Integration | Description | Change Type | Comments |
---|---|---|---|
SAML | SAML authentication is part of the Cortex XSOAR platform | Changed | NoteAs a part of the migration, the SAML integration is converted to the SSO settings on the platform level. In Cortex XSOAR 8, you need to Configure Single Sign-On Using SAML 2.0. |
LDAP Authentication | Currently not supported, planned to become a part of the Cortex platform | Removed | |
Microsoft Teams | To use the rerouting configuration in Cortex XSOAR 8, you must use the Microsoft Teams content pack 1.4.43 or higher, and recreate the Demiso Bot in Microsoft Teams. | Changed | For more information about Microsoft Teams and how to reconfigure it, see Microsoft Teams. |
Not supported. | Removed |
Note
If you have a custom (BYOI) integration that receives incoming traffic enabled on a custom port, your environment cannot be migrated at this time.
Reconfigure Integrations
When configured without an engine, you may need to update the several long-running integrations by changing the URL from https://<cortex-xsoar-address>/instance/execute/<instance_name>/
to the following:
Cloud:
https://ext-<xsoar-tenant>.crtx.<region>.paloaltonetworks.com/xsoar/instance/execute/<instance-name>
. For more information, see Long Running Integrations.On-prem:
https://ext-<xsoar-tenant>/xsoar/instance/execute/<instance-name>
. For more information, see Long Running Integrations.
The following table describes the long-running integrations that may need to be updated.
Integration | Description | See More |
---|---|---|
O365 Teams (Using Graph API) | Get authorized access to a user's Teams app in a personal or organizational account. | |
Generic Webhook | Creates incidents on event triggers. The trigger can be any query posted to the integration. | |
Generic Export Indicators Service | Use the Generic Export Indicators Service integration to provide an endpoint with a list of indicators as a service for the system indicators. You can set up the tenant to export internal data to an endpoint. NoteThis integration replaces the External Dynamic list integration, which is deprecated. | |
TAXII Server | Provides TAXII Services for system indicators (Outbound feed). | |
TAXII2 Server | Provides TAXII2 Services for system indicators (outbound feed). You can choose to use TAXII v2.0 or TAXII v2.1. | |
XSOAR-Web-Server | Supports handling configurable user responses (like Yes/No/Maybe) and data collection tasks that can be used to fetch key value pairs. | |
PingCastle | Listens for PingCastle XML reports. | |
Publish List | Publishes Cortex XSOAR lists for external consumption. | |
Simple API Proxy | Provides a simple API proxy to restrict privileges or minimize the amount of credentials issued at the API. | |
Syslog v2 | Opens incidents automatically from Syslog clients. | |
Web File Repository | Makes your environment ready for testing purpose for your playbooks or automations to download files from a web server. |
Note
The service is only accessible via URL.
The custom port configured for long-running integrations is ignored.

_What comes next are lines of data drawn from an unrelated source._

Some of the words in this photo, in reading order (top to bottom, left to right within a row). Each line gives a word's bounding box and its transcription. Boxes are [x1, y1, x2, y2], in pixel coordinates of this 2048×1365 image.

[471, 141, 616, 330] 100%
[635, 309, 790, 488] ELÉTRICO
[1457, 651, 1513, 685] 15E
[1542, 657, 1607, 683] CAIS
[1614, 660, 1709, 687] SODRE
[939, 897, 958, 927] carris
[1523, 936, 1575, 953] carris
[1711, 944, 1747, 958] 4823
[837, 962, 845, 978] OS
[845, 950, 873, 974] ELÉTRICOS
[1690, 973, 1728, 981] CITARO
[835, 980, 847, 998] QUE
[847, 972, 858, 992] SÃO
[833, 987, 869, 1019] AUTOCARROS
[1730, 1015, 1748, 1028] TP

Custom certificates are not supported.
Authentication (username/password) is mandatory.
Update the client that accesses the integrations to be URL-based only.
When configured via an engine, both port and URL-based access is supported. No changes need to be made.
Communication tasks through an engine
In Cortex XSOAR 6 you can use engines to enable users who do not have access to the Cortex XSOAR server to access the forms sent out in communication tasks in a playbook. This is not supported in Cortex XSOAR 8.